§ Your objective: Exact reproductions of all the entries, please, and no pictures.

[[ Data, beginning ]]

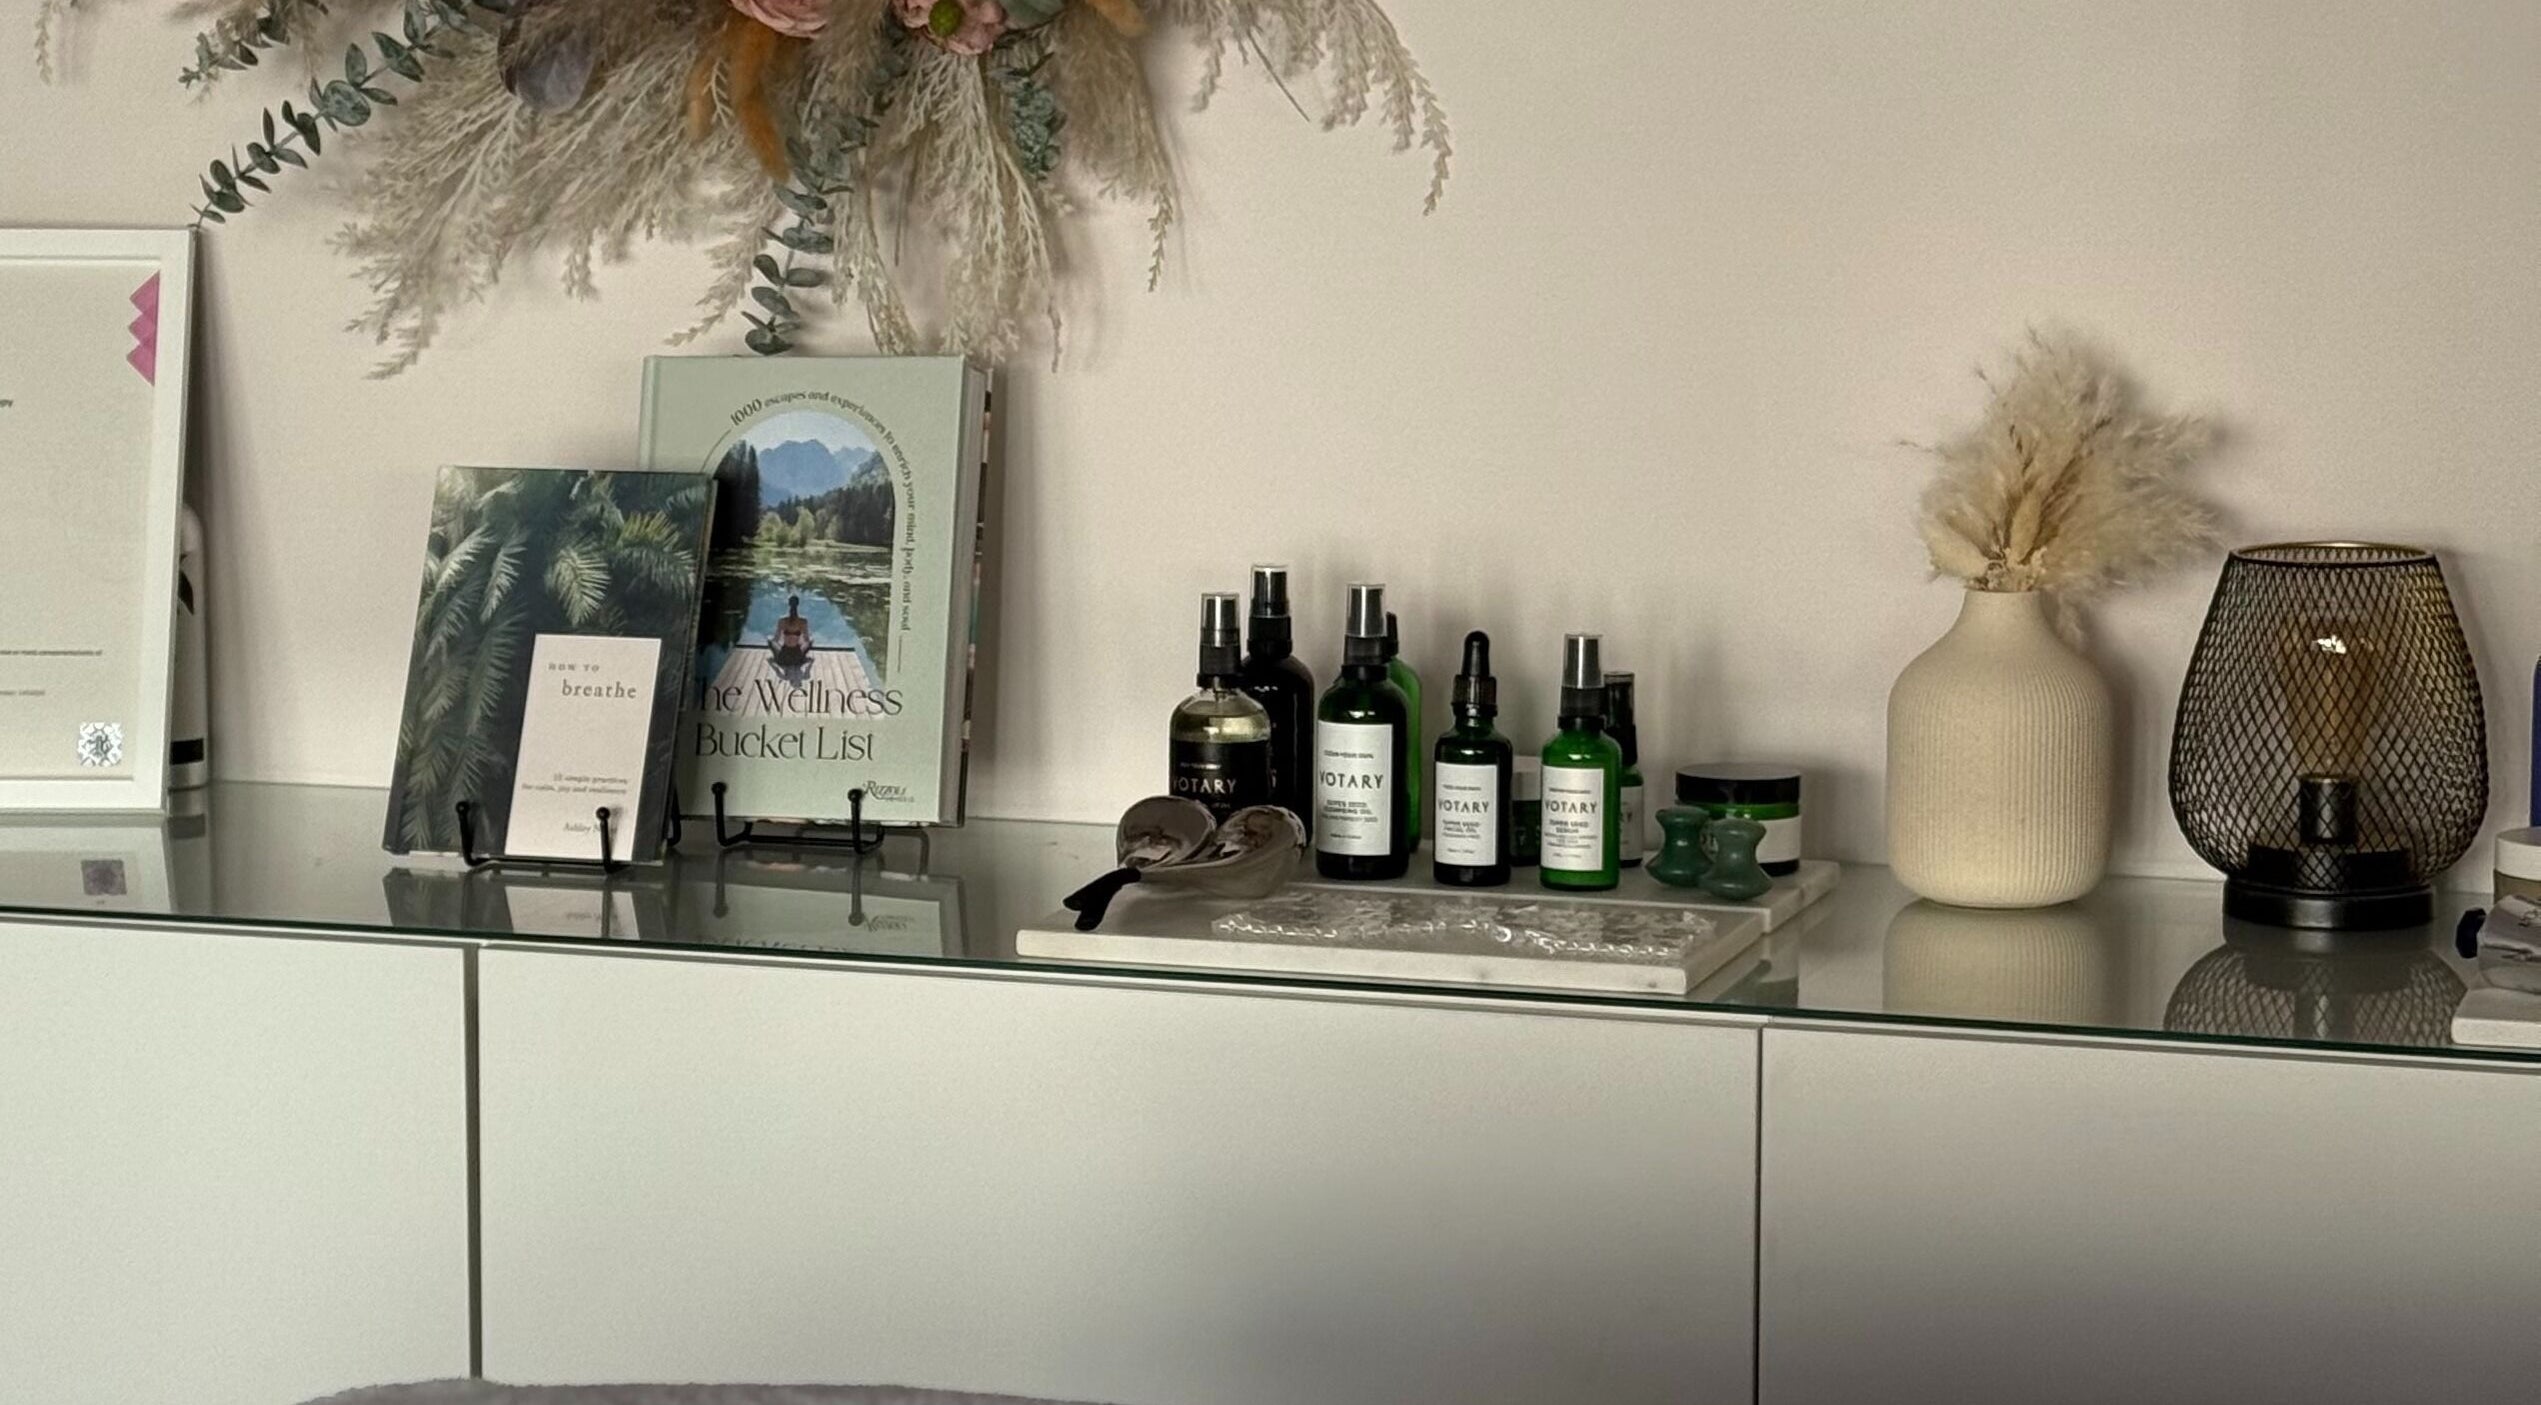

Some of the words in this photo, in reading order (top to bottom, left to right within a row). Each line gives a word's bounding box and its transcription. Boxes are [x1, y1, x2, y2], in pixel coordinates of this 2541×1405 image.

[808, 391, 830, 401] and
[730, 398, 762, 426] 1000
[892, 442, 912, 480] enrich
[903, 479, 916, 511] your
[902, 580, 912, 604] and
[901, 605, 911, 631] soul
[583, 663, 600, 673] TO
[561, 677, 637, 699] breathe
[754, 677, 904, 716] Wellness
[695, 721, 805, 761] Bucket
[816, 726, 873, 761] List
[1319, 770, 1384, 790] VOTARY
[1438, 798, 1489, 813] VOTARY
[1544, 799, 1598, 814] VOTARY
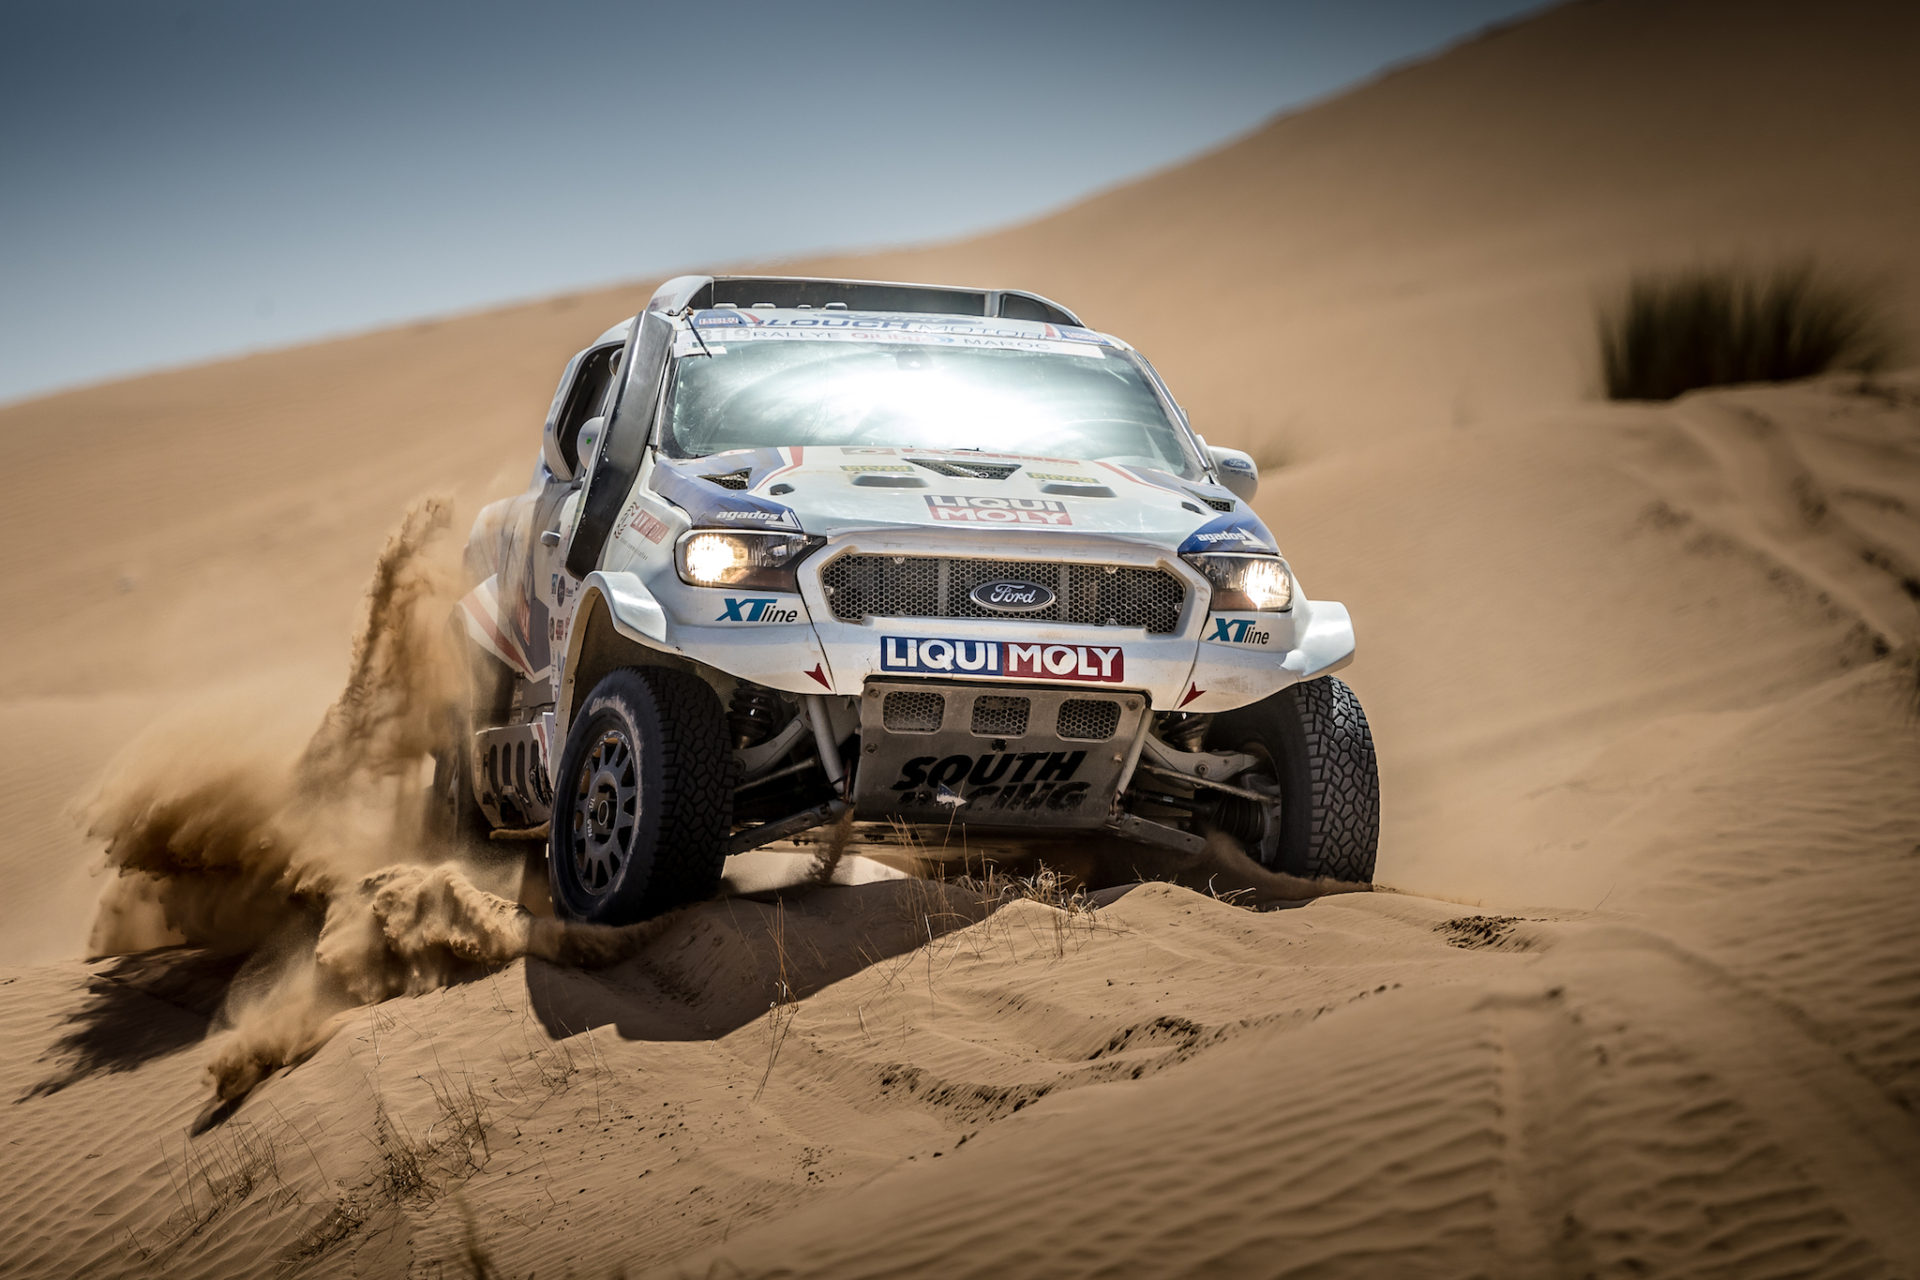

[[ Data, end ]]

§ Output of the exercise:
Some of the words in this photo, in reading order (top to bottom, left to right within a row). Each line gives a word's bounding box and its transcription. Boxes are [x1, y1, x2, y2], in pixel coordinates of this 2541×1405 image.

[808, 391, 830, 401] and
[730, 398, 762, 426] 1000
[892, 442, 912, 480] enrich
[903, 479, 916, 511] your
[902, 580, 912, 604] and
[901, 605, 911, 631] soul
[583, 663, 600, 673] TO
[561, 677, 637, 699] breathe
[754, 677, 904, 716] Wellness
[695, 721, 805, 761] Bucket
[816, 726, 873, 761] List
[1319, 770, 1384, 790] VOTARY
[1438, 798, 1489, 813] VOTARY
[1544, 799, 1598, 814] VOTARY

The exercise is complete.